Keyboardist Robert Glasper (and his three bandmates who make up the Robert Glasper Experiment) might be the only act remaining who can garner pop attention while offering a sound that has at least a pinky toe in jazz. With 2012’s Black Radio, the Experiment managed to successfully integrate the worlds of jazz and R&B like no one has been able to do in maybe two decades. Featuring a who’s who of soul and hip-hop luminaries, Black Radio deservedly won the Grammy for Best R&B Album.
So, with Glasper & his Experiment experiencing a critical breakthrough (and something of a commercial one,) why wouldn’t they repeat the formula with Black Radio 2? To a large extent, that’s the case here. Once again, a dream list of artists is on board to assist, although there are a few wrinkles to ensure that things aren’t exactly what they were before. The first thing you’ll notice is that there are barely any repeat artists from Part One. Only songstress Lalah Hathaway and rapper Lupe Fiasco make return engagements. Whereas the first Black Radio album was a bit covers-heavy, this second volume has a bit more original content. Finally, some of the collaborators also fall a little bit outside the lines of the “neo-soul” realm. So, while the likes of Jill Scott and Common make appearances, so does Fall Out Boy’s Patrick Stump. And Norah Jones. Ands Snoop Dogg. Ultimately, thankfully-and unsurprisingly-Black Radio 2 is as inspired and solid as its predecessor.
Glasper’s keyboard remains at the forefront at all times, and his good taste in collaborators allows for a pretty seamless work. The flow of Black Radio 2 is just about perfect. Of course, there are a couple of tracks I’m particularly fond of. The gospel-based “Yet To Find” has a typically riveting vocal from Anthony Hamilton. Now, I’m not much of a fan of religious music, but if Anthony Hamilton was to ever release a gospel album, it would make itself right at home in my collection. There’s also the sultry “Let It Ride,” a perfect fit for the seductive vocals of Norah Jones, and “I Stand Alone,” which contains Common’s most inspired verses in years. The deluxe version contains a couple more solid tracks, including “I Don’t Even Care,” which joins the unlikely duo of Jean Grae and Macy Gray for one of the album’s more boom bap-centric cuts.

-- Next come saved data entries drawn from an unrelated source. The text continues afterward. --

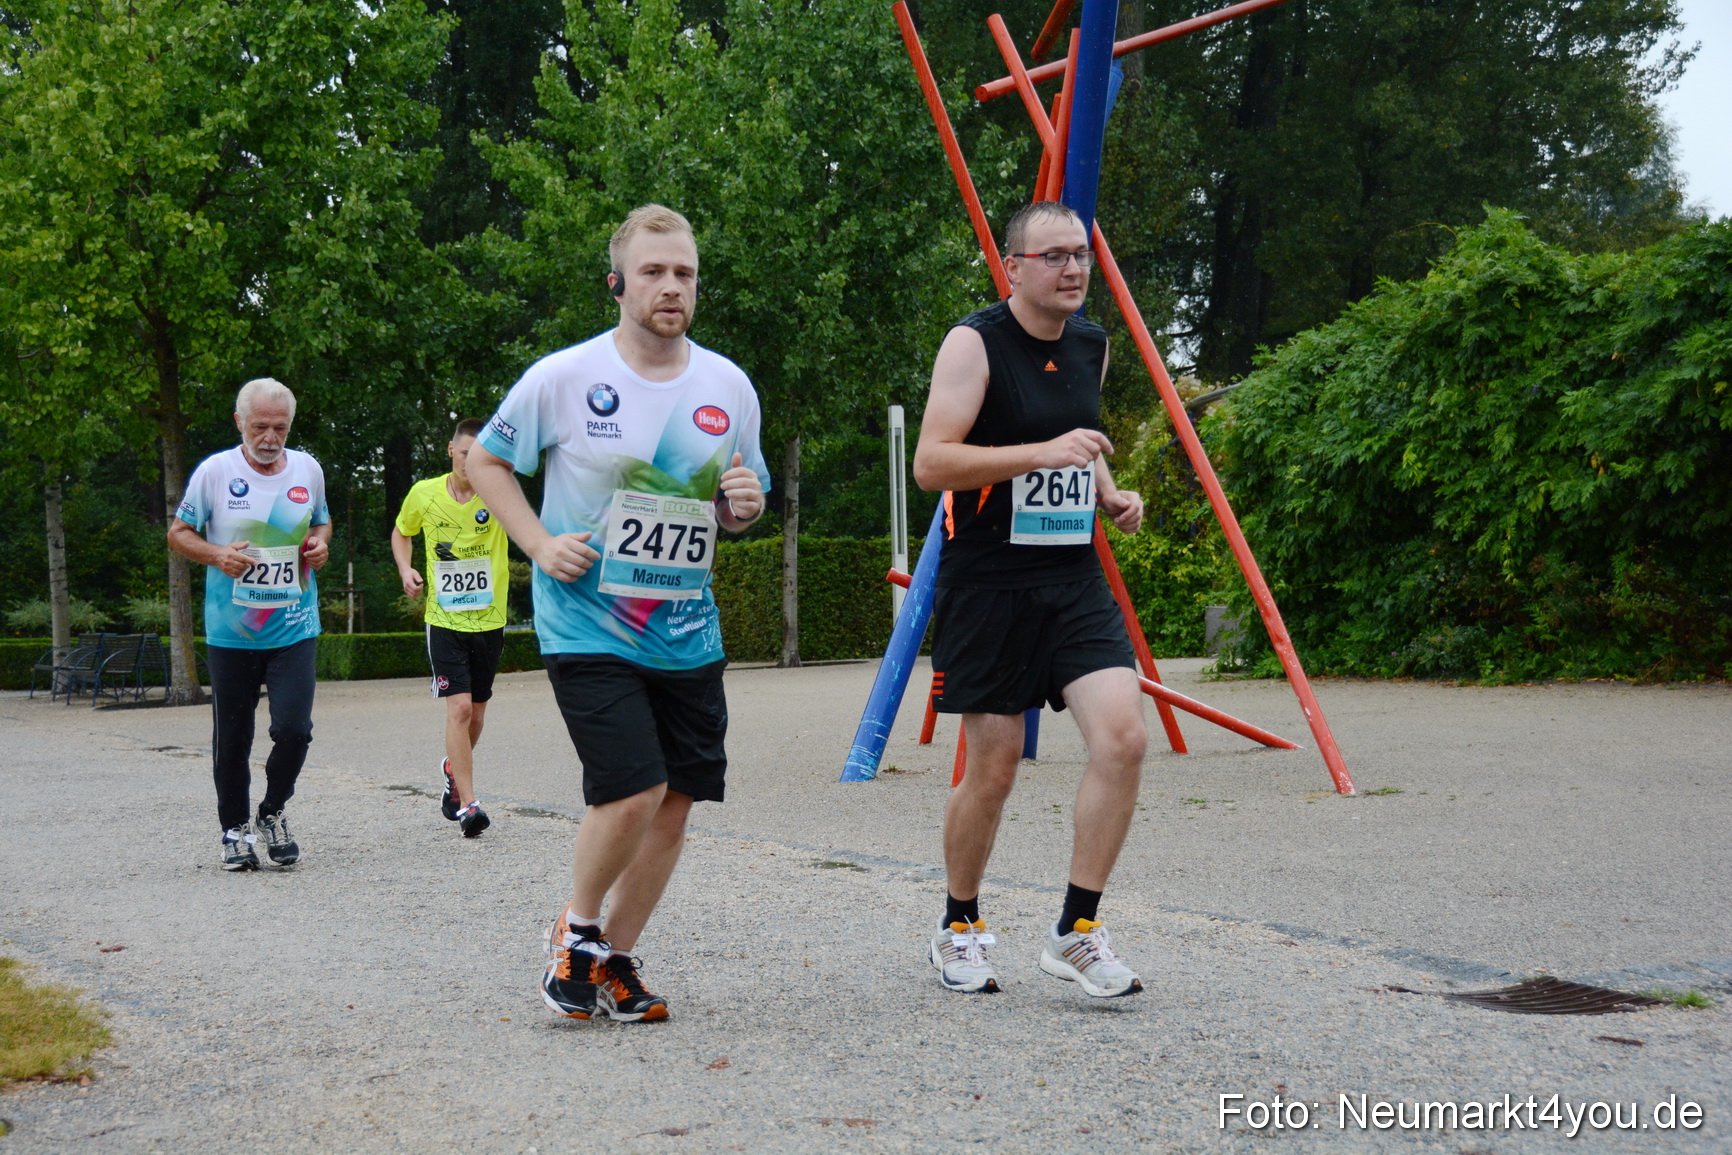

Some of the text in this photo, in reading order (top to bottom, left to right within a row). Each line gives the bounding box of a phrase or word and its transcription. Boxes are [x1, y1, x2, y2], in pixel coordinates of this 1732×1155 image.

[587, 421, 622, 433] PARTL
[698, 411, 727, 429] Hervis
[587, 430, 623, 440] Neumarkt
[1025, 470, 1091, 507] 2647
[621, 502, 658, 514] NeuerMarkt
[1040, 517, 1085, 531] Thomas
[618, 518, 709, 563] 2475
[241, 561, 294, 585] 2275
[441, 570, 488, 593] 2826
[632, 568, 682, 586] Marcus
[248, 590, 289, 600] Raimund
[452, 595, 478, 604] Pascal
[669, 617, 707, 636] Stadtlauf
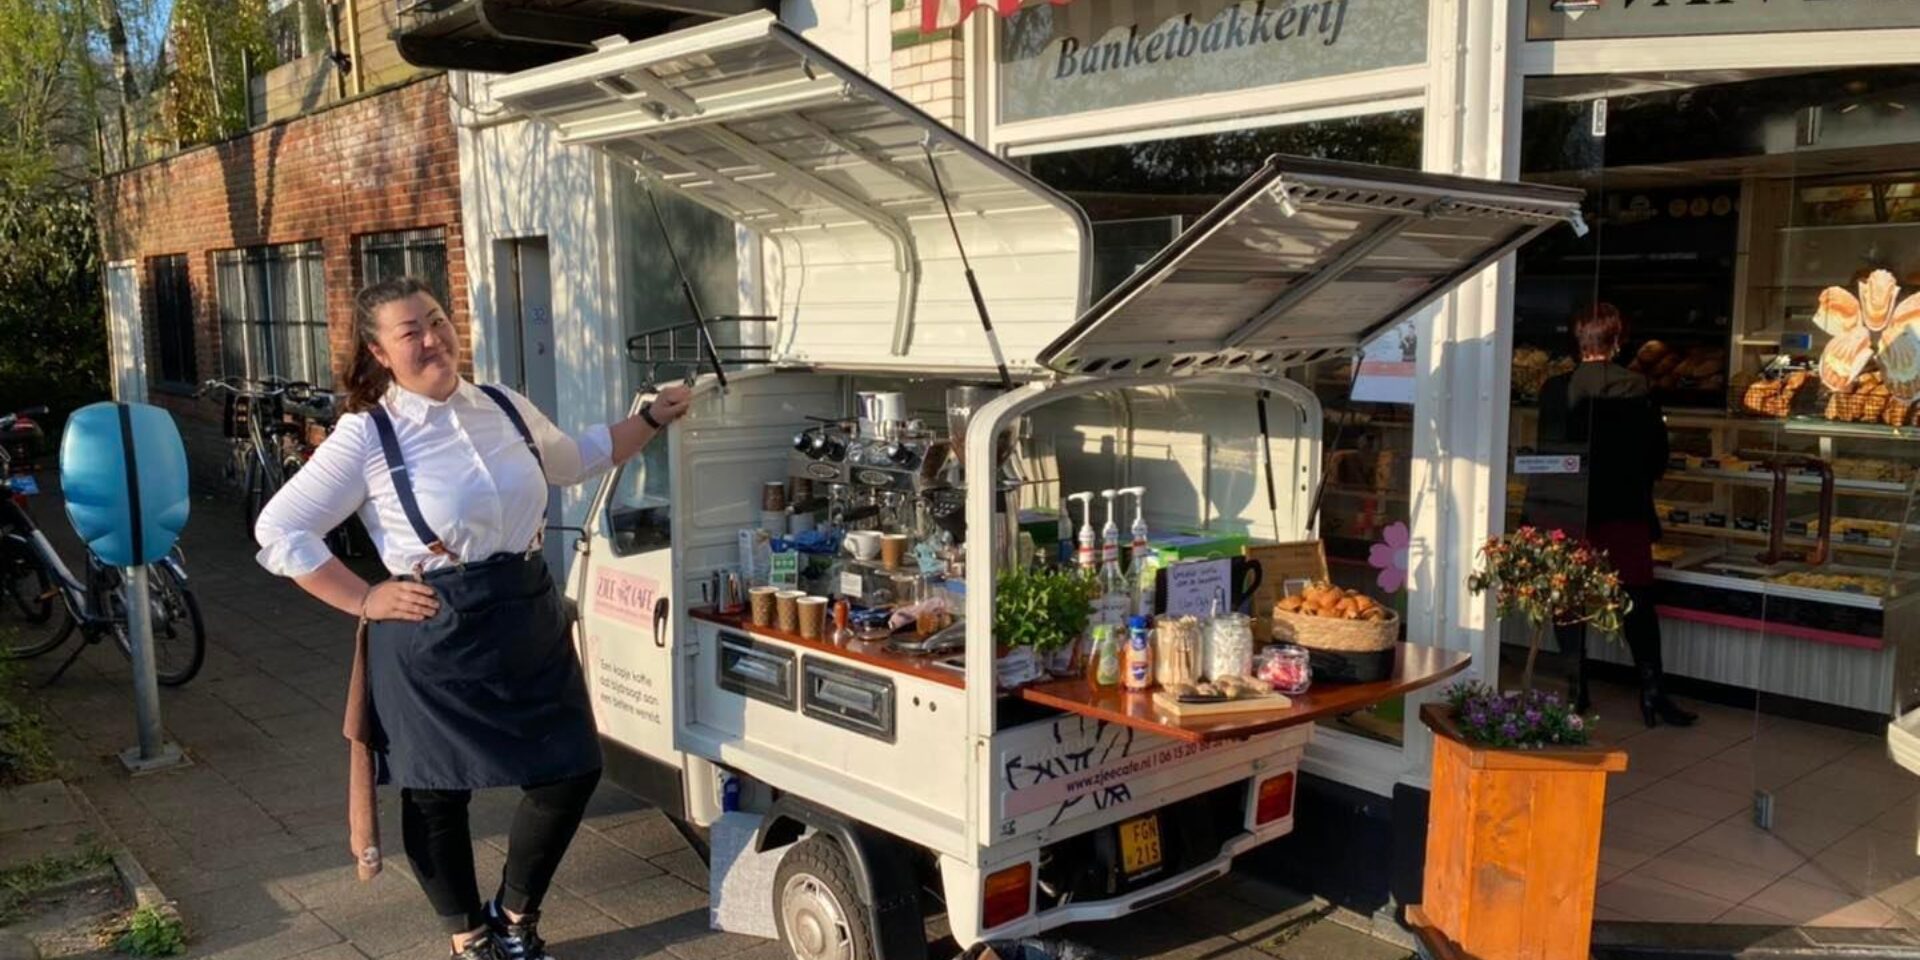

Black Radio 2‘s emotional centerpiece, interestingly, is its only cover*. “Jesus Children” is an adaptation of “Jesus Children Of America,” the classic track from Stevie Wonder’s legendary Innervisions. Where Stevie’s original worked its way to righteous rage, Glasper’s version has a more hopeful, optimistic outlook. Lalah Hathaway provides haunting vocals, and the song is capped off by a moving spoken-word passage performed by Malcolm-Jamal Warner.
Is it possible for lightning to strike twice? Absolutely! Is it possible that The Robert Glasper Experiment has followed up their breakthrough with an album just as good. Folks, prepare to get wowed again.
*The deluxe version contains a vocoder-heavy remake of Bill Withers’ “Lovely Day.”